Not Every Noise is a Nuisance

Homeowners have every right to take legal action if their lives are blighted by noise nuisance. However, one case has underlined that the modern world is not always as free from disturbance as one might wish and that the courts will only take action to prevent noises which are objectively unreasonable.

A couple claimed that their lives had been made a misery by noise emanating from a multi-use games facility which was about 50 metres from their garden. The sound of bouncing balls, shouting and swearing had exiled them from their garden and they felt that they were living on tenterhooks, waiting for unexpected sounds.

In dismissing their claim for an injunction, however, a judge noted that it is always a question of degree whether interference with comfort or convenience is sufficiently serious to constitute a nuisance. He also observed that, in an organised society, it is a fact of life that everyone must put up with a certain amount of discomfort and annoyance caused by the legitimate activities of his or her neighbours.

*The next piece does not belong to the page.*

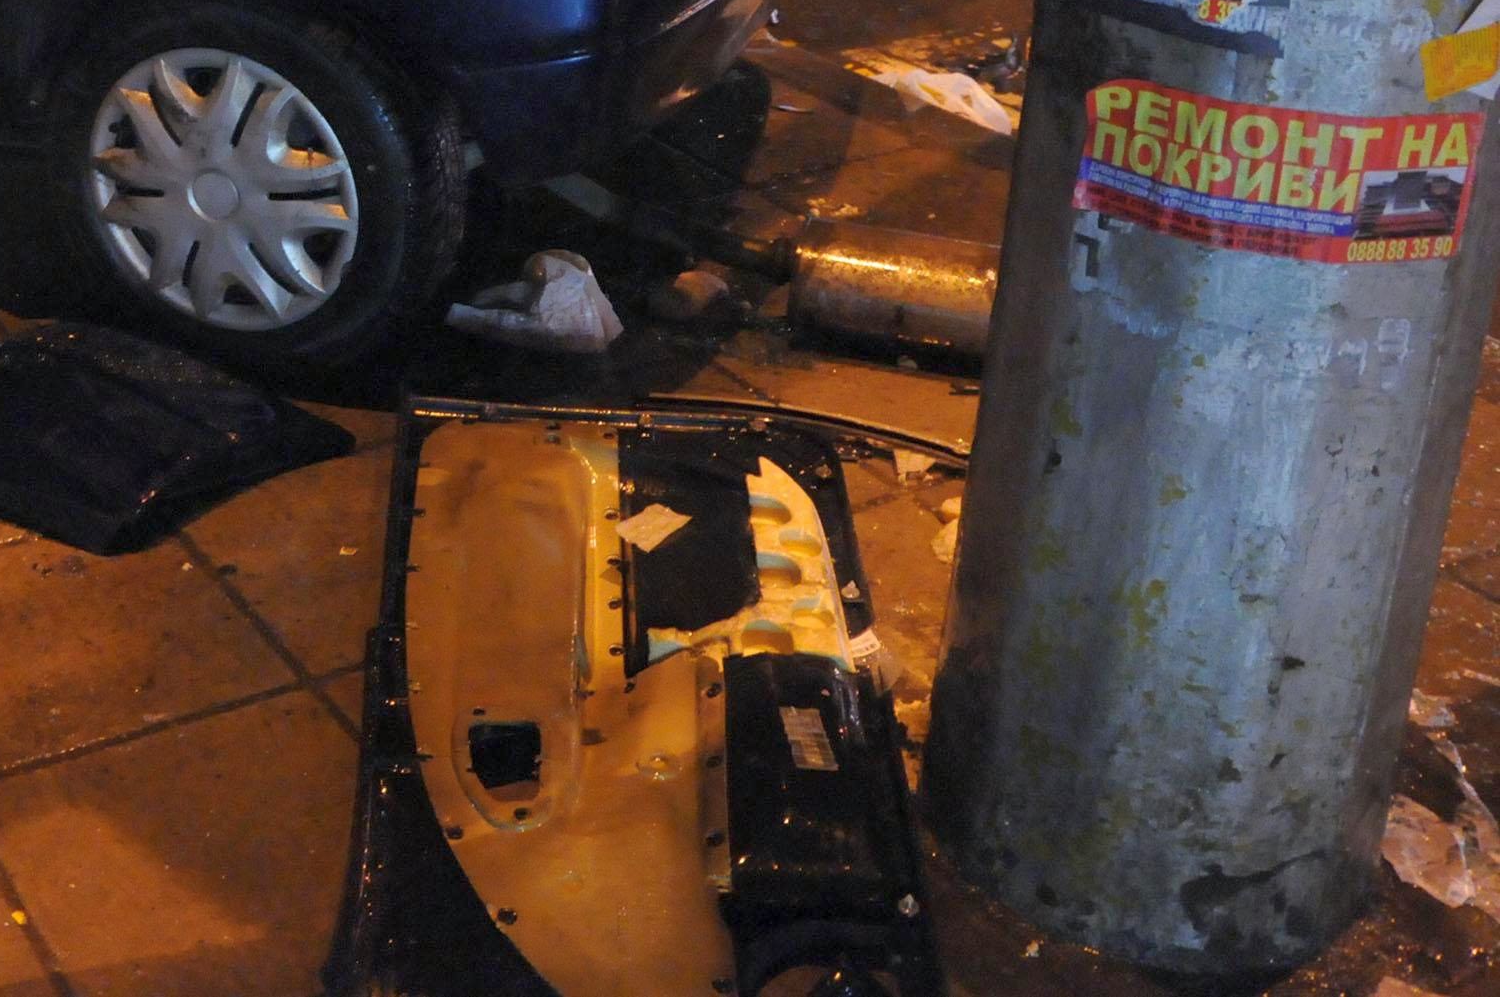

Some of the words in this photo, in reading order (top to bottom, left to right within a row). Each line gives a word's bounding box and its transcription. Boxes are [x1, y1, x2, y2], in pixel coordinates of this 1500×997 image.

[1092, 120, 1360, 214] ПОКРИВИ
[1095, 86, 1384, 171] РЕМОНТ
[1398, 122, 1470, 169] НА

The facility enjoyed strong support in the village where the couple lived and it was located on a recreation ground which had been bequeathed to the villagers more than 100 years ago, before the couple’s home was built. The noise it generated was not objectively unacceptable and the couple’s implacable opposition to its continued use had become an obsession. The facts of the case emerged as the Court of Appeal refused the couple permission to appeal against the judge’s ruling.